Au départ, la domestication de l’animal répondait à des besoins vitaux comme se nourrir ou s’habiller. Nos rapports avec le monde animal se sont peu à peu détériorés. Plus nous avons pris conscience de notre pouvoir de dompter notre environnement, plus nous avons rabaissé à l’état d’objet les autres espèces.
Dans un partenariat, les deux parties y trouvent un bénéfice. Malheureusement, le destin de l’animal partenaire a été dans la plupart des cas : la mort.
Transport, jeux du cirque, combats, guerres : l’homme a toujours utilisé l’animal plus souvent pour la pire que pour le meilleur.

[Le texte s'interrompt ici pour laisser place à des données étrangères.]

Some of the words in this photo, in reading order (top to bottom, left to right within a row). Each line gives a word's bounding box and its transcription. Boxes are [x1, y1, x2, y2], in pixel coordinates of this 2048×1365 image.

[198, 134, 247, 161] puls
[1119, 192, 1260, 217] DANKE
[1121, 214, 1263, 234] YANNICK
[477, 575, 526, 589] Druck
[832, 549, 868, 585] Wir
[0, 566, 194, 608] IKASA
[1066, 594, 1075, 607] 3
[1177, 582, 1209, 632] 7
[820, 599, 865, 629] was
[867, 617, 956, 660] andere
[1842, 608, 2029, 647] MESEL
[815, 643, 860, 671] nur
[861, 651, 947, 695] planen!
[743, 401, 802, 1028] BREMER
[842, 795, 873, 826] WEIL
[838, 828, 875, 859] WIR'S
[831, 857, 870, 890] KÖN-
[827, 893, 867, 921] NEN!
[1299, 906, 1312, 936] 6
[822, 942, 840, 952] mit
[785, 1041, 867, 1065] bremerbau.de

Les animaux utilisés pour le transport

Depuis le Paléolithique, les chevaux sauvages ont été chassés pour la viande. Puis, le cheval a été domestiqué il y a 5 500 ans dans les plaines de l’Ukraine. Il a ensuite été attelé à des chars de combat au début du IIe millénaire avant notre ère.
C’est attelé qu’il a été introduit en Mésopotamie et dans tout le Moyen-Orient.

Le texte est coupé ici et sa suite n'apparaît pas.